BACKGROUND: Ischemia of the myocardium surviving an infarction induces ST segment elevation in infarct-related ECG leads. In cases with no viable tissues, ischemia adjacent to the infarction could induce a similar ECG pattern if there is ST segment potential transmission through the necrotic scar. We analyzed whether acute ischemia adjacent to a healed infarction with no viable tissue may induce ST segment elevation on the surface of the necrotic scar.
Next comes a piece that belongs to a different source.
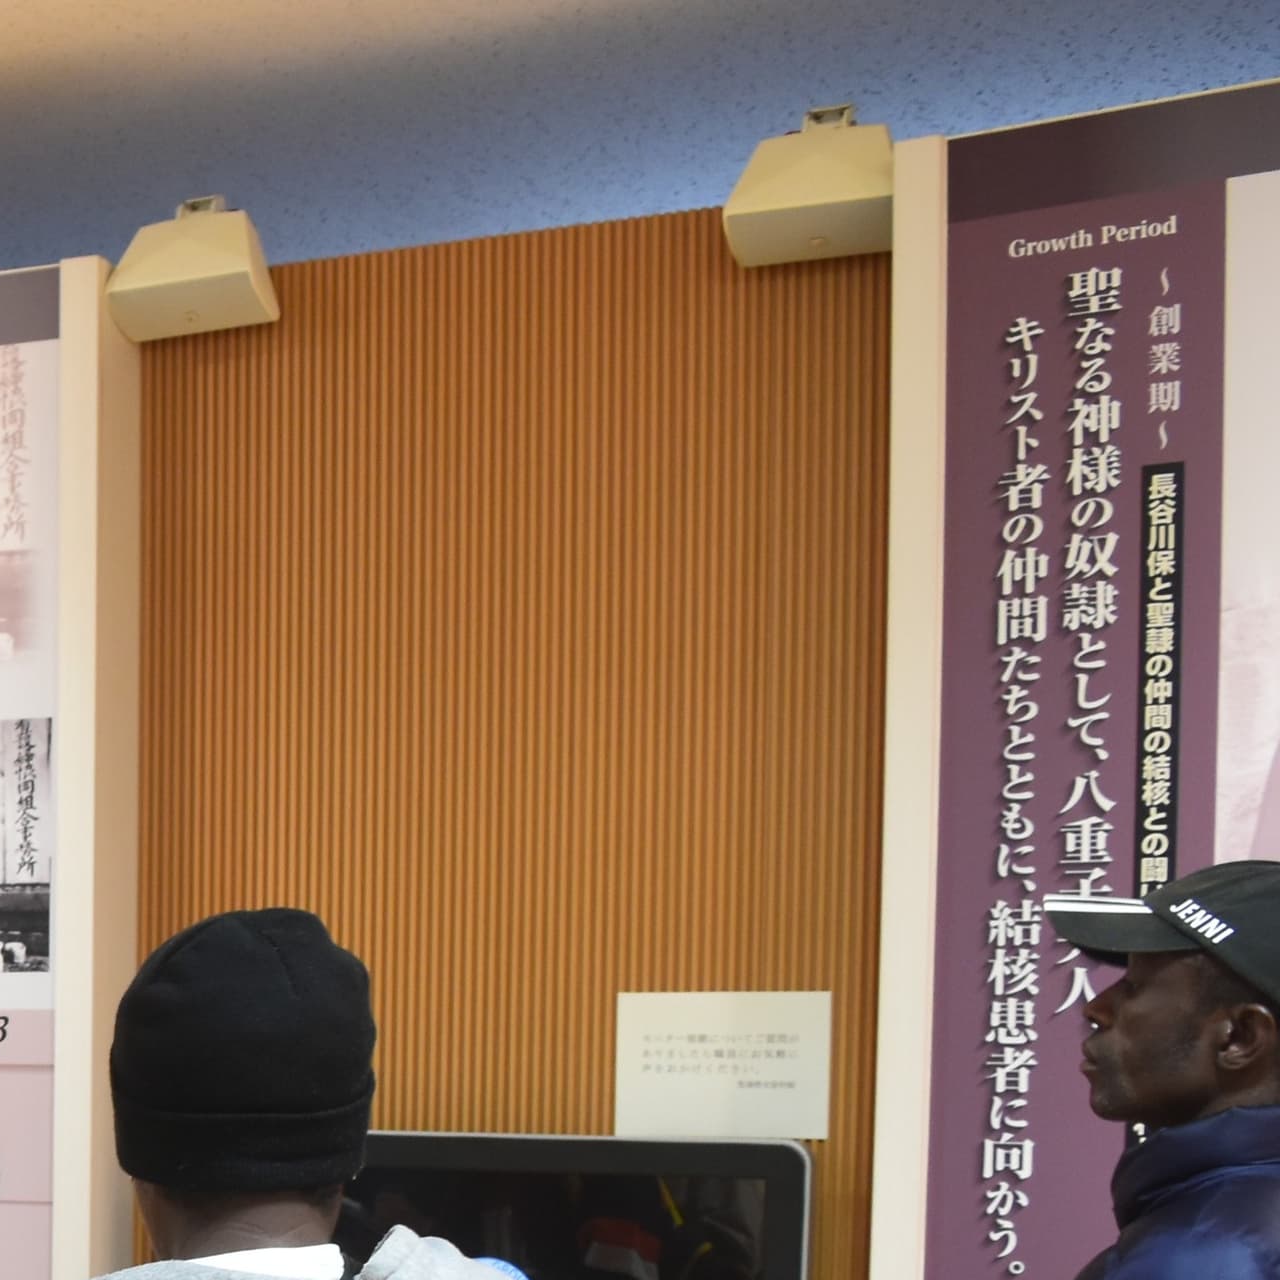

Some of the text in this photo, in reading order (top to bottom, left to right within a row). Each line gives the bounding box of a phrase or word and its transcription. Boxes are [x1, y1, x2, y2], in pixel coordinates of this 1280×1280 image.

METHODS AND RESULTS: Epicardial ST segment changes elicited during 30 minutes of acute reocclusion of the left anterior descending (LAD) coronary artery 2 cm above the first diagonal branch were analyzed by 32-channel mapping in 18 chloralose-anesthetized open-chest pigs with 1-month-old anterior infarctions induced by permanent ligature below the first diagonal branch (group 1). The effect of a previous infarction on the magnitude of ischemic ST segment changes was assessed by similar mapping in 21 control pigs submitted to a LAD ligature 2 cm above the first diagonal branch (group 2, n = 11) or just below this branch (group 3, n = 10). Myocardial perfusion after coronary ligature was estimated in 7 pigs with chronic infarction and in 3 control pigs by mapping of myocardial technetium-99m-methoxyisobutyl isonitrile (99mTc-MIBI) activity in transmural samples underlying each epicardial electrode. The width of cell layers surviving the infarction was measured and their viability after 60 minutes of coronary reocclusion was assessed by intracellular glycogen staining. Reocclusion of the LAD induced parallel ST segment elevation at the periinfarction zone and at the necrotic scar, although in the latter region the changes were less marked (maximal ST segment, 8.4 +/- 3.0 mV versus 2.7 +/- 1.8 mV, ANOVA, P < .001). ST segment elevation inside the scar was greater at the margins (3.9 +/- 1.8 mV) than at sites 20 mm toward the center (2.8 +/- 1.7 mV, P = .003). The necrotic area was virtually devoid of surviving cells except for a 0.22 +/- 0.04-mm-wide subendocardial band that continued to show a positive intracellular glycogen reaction after the second LAD ligature. Acute ischemia adjacent to the infarction (group 1) induced lower ST segment elevation than acute ischemia at a comparable cardiac region in noninfarcted pigs (group 2) (ANOVA, P = .02), despite the fact that these areas developed similar underperfusion after coronary occlusion (percent MIBI activity of that in normal myocardium, 7 +/- 8 versus 7 +/- 6, P = NS). ST segment changes in group 2 pigs were comparable to those induced in group 3 pigs with a 2-cm-lower coronary occlusion.

CONCLUSIONS: Acute ischemia adjacent to a chronic infarction induces ST segment elevation at the surface of the scar despite the virtual absence of viable tissue within the infarction. Data suggest a passive ST segment potential transmission through the infarction. Moreover, ischemia adjacent to a chronic infarction induces lower ST segment elevation than ischemia not adjacent to a necrosis. The mechanisms accounting for these regional differences are probably independent of collateral myocardial perfusion and ischemia extension.